Background
Familiarity disorders (FDs) critically impact social cognition in persons with schizophrenia. FDs can affect both relationships with people familiar to the patient and the patient's relationship with himself, in the case of a self-disorder. Skin conductance response (SCR) studies have shown that familiar and unknown faces elicit the same emotional response in persons with schizophrenia with FD. Moreover, in control subjects, one's own face and familiar faces have been shown to activate strongly overlapping neural networks, suggesting common processing. The aim of the present study was to determine whether the mechanisms involved in processing one's own and familiar faces are similarly impaired in persons with schizophrenia, suggesting a link between them.
Method
Twenty-eight persons with schizophrenia were compared with twenty control subjects. Three face conditions were used: specific familiar, self and unknown. The task was to indicate the gender of the faces presented randomly on a screen during SCR recording. Face recognition was evaluated afterwards.
Results
Control subjects exhibited similar SCRs for the familiar and self-conditions, which were higher than the responses elicited by the unknown condition, whereas persons with schizophrenia exhibited no significant differences between the three conditions.
Conclusion
Persons with schizophrenia have a core defect of both self and familiarity that is emphasised by the lack of an increased SCR upon presentation with either self or familiar stimuli. Familiarity with specific familiar faces and one's own face may be driven by the same mechanism. This perturbation may predispose persons with schizophrenia to delusions and, in particular, to general familiarity disorder.
Abbreviations
SCR, skin conductance response; FD, familiarity disorders; μS, microsiemens
Since the early 20th century, familiarity disorders (FD) have been described as a failure of affective judgement (Capgras and Reboul-Lachaux, 1923) capable of strongly impacting social interactions. More recently, the literature on schizophrenia has provided evidence for a defect in the feeling of familiarity in front of familiar individuals, despite preserved recognition (Ellis et al., 1997 and Hirstein and Ramachandran, 1997).
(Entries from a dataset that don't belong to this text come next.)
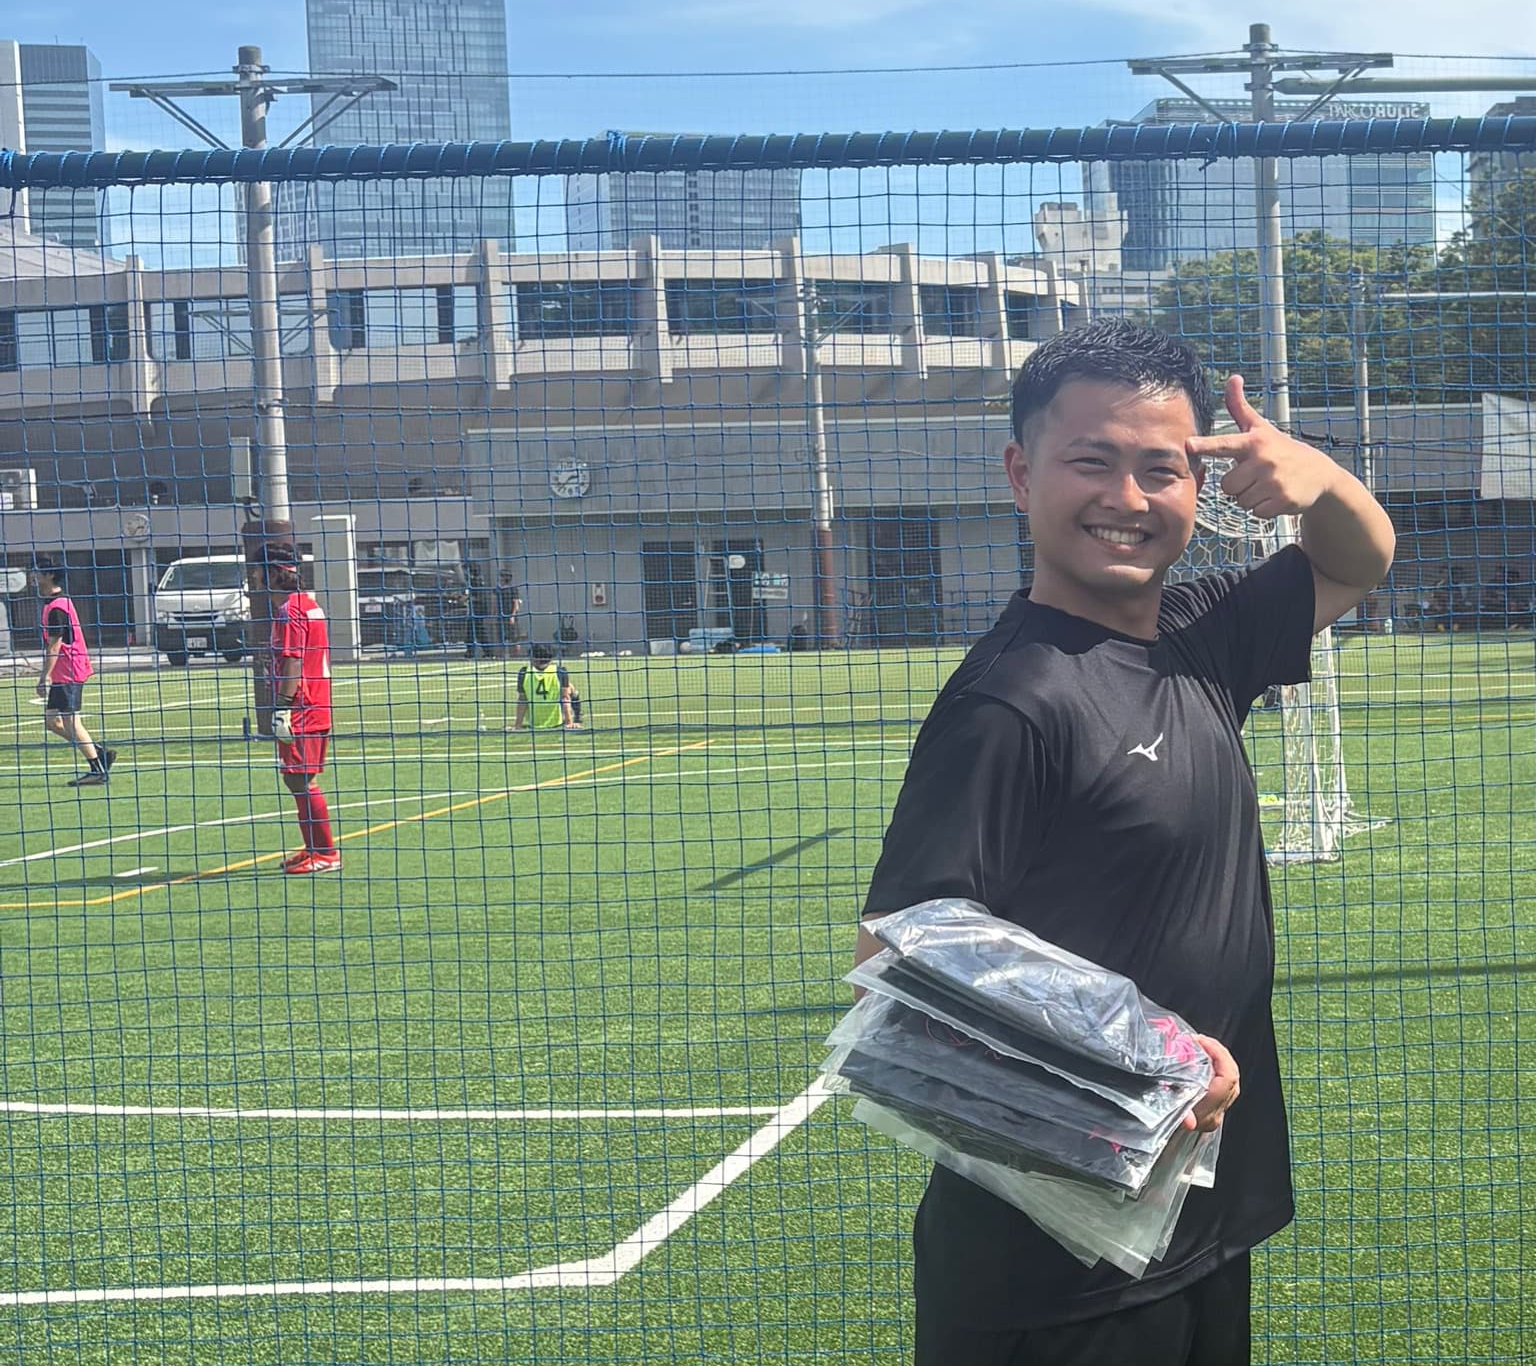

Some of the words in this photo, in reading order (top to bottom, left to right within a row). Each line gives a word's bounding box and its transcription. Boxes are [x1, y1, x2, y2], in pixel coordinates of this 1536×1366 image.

[1329, 103, 1374, 118] PARCO
[1375, 104, 1420, 118] HULIC
[535, 678, 549, 701] 4
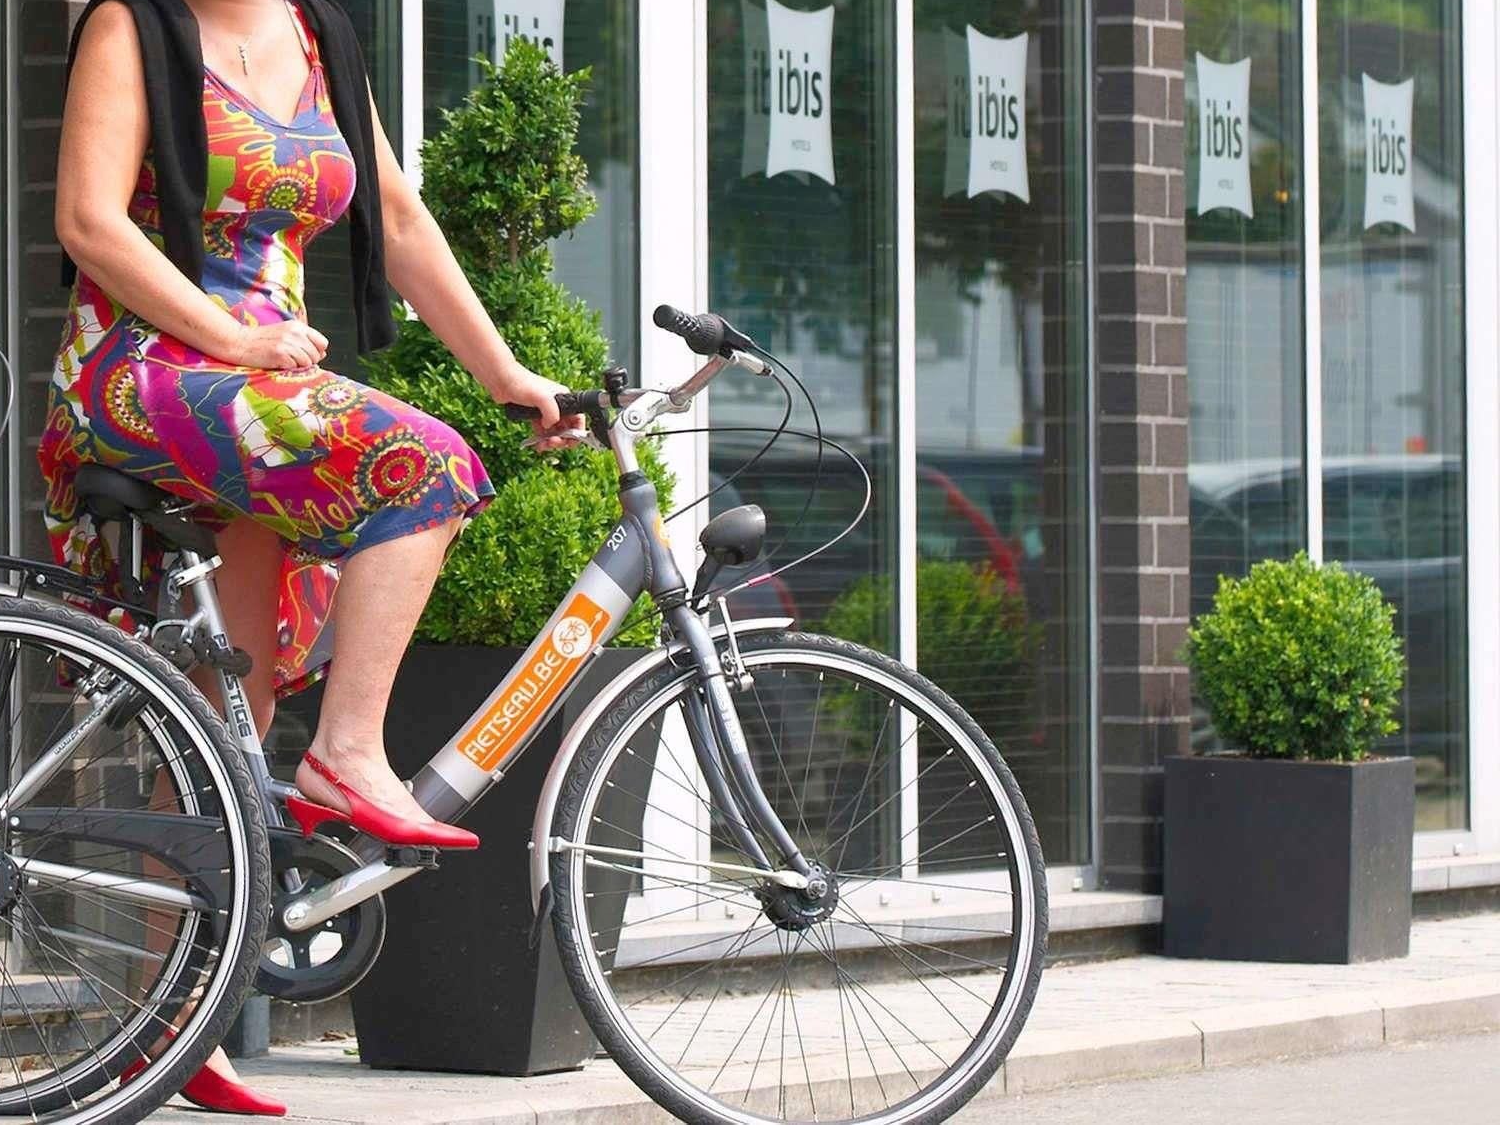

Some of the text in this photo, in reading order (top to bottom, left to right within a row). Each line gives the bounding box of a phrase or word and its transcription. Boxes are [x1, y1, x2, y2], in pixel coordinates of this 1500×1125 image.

[778, 48, 824, 119] ibis
[978, 74, 1019, 141] ibis
[1206, 98, 1243, 160] ibis
[1371, 117, 1407, 177] ibis
[606, 525, 627, 552] 207
[212, 632, 253, 739] PSTIGE
[463, 649, 563, 762] FIETSERIJ.BE
Indeed, by using the skin conductance response (SCR) as a somatic indication of emotional arousal, these studies highlighted a lack of emotion elicited by familiar faces in persons with schizophrenia with FD, even though the patients were able to process visual facial features and to recognise their own and familiar faces (Joshua and Rossell, 2009).
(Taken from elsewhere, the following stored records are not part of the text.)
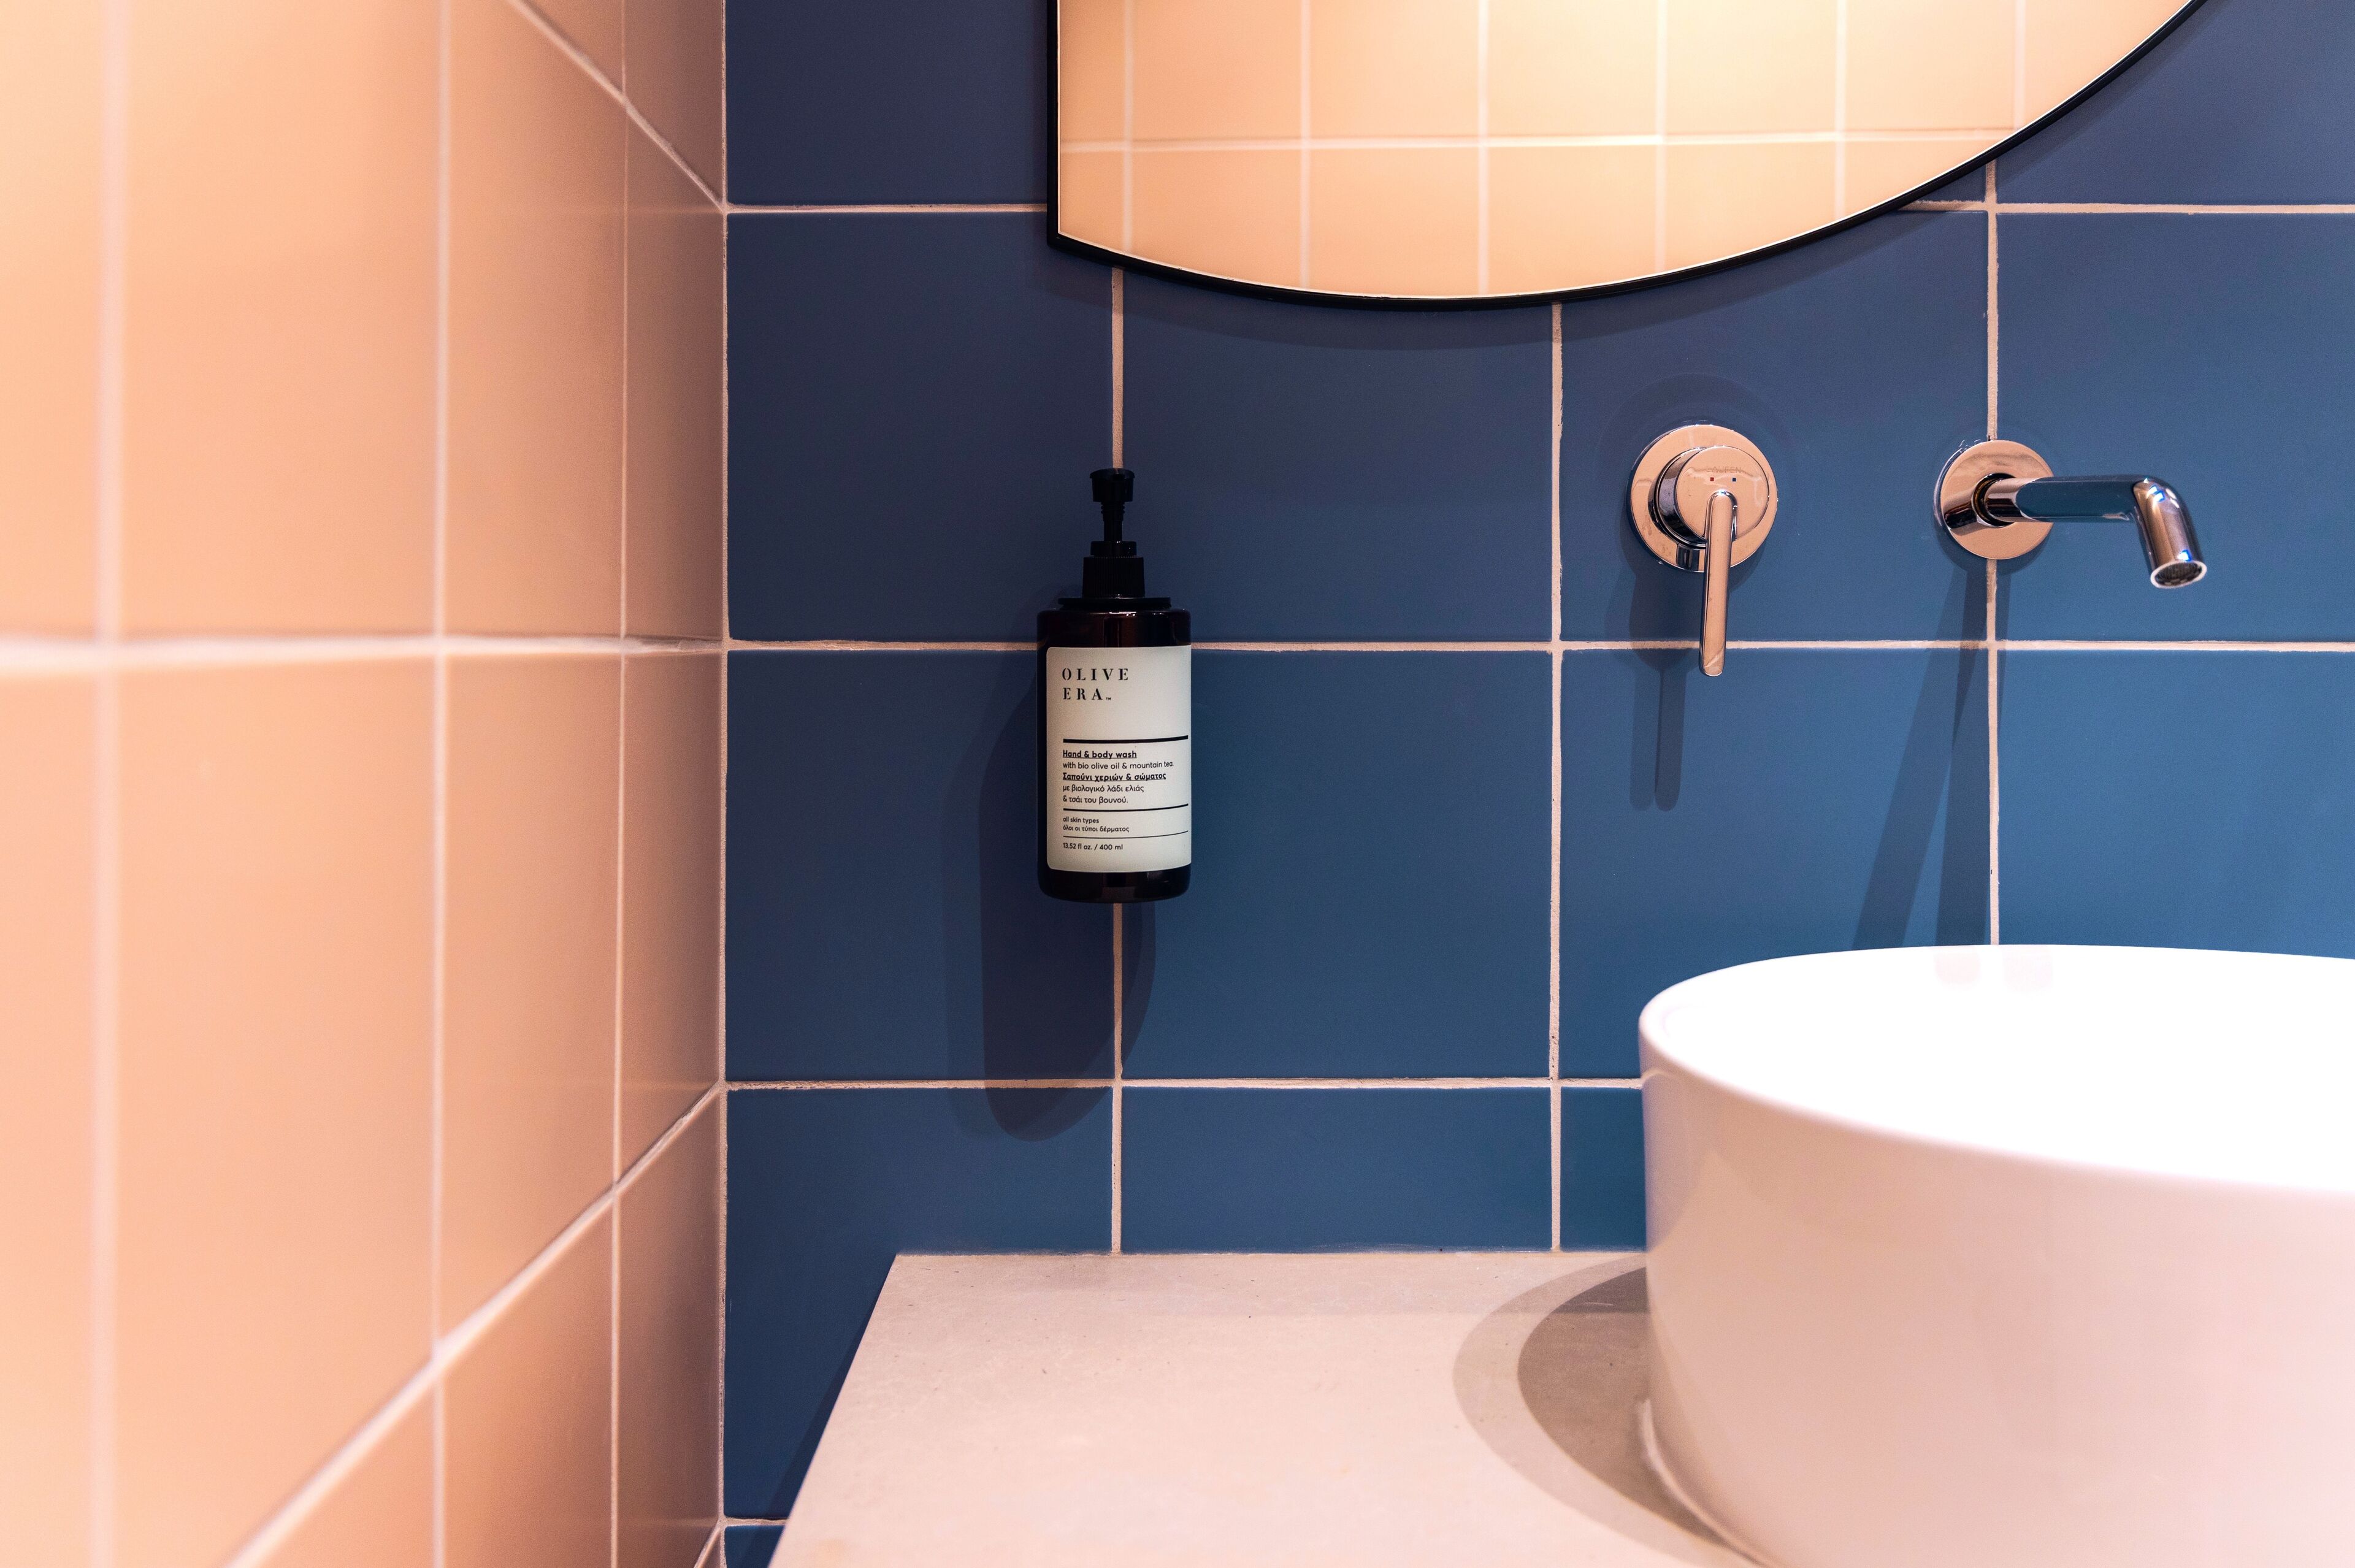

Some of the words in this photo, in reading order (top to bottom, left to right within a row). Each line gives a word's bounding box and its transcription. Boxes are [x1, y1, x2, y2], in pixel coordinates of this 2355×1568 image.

[1062, 668, 1128, 681] OLIVE
[1063, 749, 1082, 758] Hand
[1092, 751, 1113, 760] body
[1095, 773, 1123, 782] χεριών
[1071, 784, 1105, 793] βιολογικό
[1099, 796, 1128, 805] βουνού.
FD has been described as both a self-centred expression of delusion, in which patients do not express a feeling of familiarity in front of their own face, or as subjective double syndrome, in which they recognise a physical double of themselves in strangers (Luauté and Bidault, 1994 and Luauté, 2009). Despite the growing literature suggesting that schizophrenia is essentially a self-disease (for a review see Nelson et al., 2013a and Nelson et al., 2014b), only a few studies have focused on the ability to recognise one's own face compared with familiar faces in schizophrenia (or in schizotypy), and the studies performed did not reach a clear consensus. Indeed, although some of these studies suggest a general deficit in self-awareness unrelated to familiarity (Kircher et al., 2007, Lee et al., 2007 and Yun et al., 2014), others support a general impairment in familiarity including the familiarity of the self, instead of deficits in self-awareness alone (Irani et al., 2006, Caharel et al., 2007 and Zhang et al., 2012). In addition, these studies have potential biases. First, an explicit judgement of the self or familiarity was required (Caharel et al., 2007, Kircher et al., 2007 and Zhang et al., 2012). This implies conscious processes that could not be involved in familiarity, which is described as a relatively fast and automatic process (Yonelinas and Jacoby, 1994). Second, famous rather than specific familiar (e.g., relatives or friends) faces were used (Lee et al., 2007, Zhang et al., 2012 and Yun et al., 2014). This is an important psychopathological point because famous or widely known individuals do not induce FD in persons with schizophrenia (Capgras and Reboul-Lachaux, 1923). Moreover, different forms of declarative memory have been shown to be involved depending on the stimulus type. Specific familiarity, including familiarity with self, involves episodic or autobiographical memories, whereas famous individuals recruit semantic memories (Gillihan and Farah, 2005). Finally, the neural circuitry involved in the processing of one's own face and familiar faces strongly overlaps (mainly in the temporo-parietal junction), highlighting the link between them, whilst the processing of a famous face recruits different cortical regions (Qin and Northoff, 2011).
In the present study, we characterised the affective processing involved in both self and familiarity disorders in persons with schizophrenia using SCR recordings in an implicit task on specific familiar (including self) and unknown faces. Under the assumption that in face recognition, the self will be recognised as familiar, it was expected that persons with schizophrenia would exhibit the same lack of emotional arousal in front of themselves as when facing specific familiar individuals.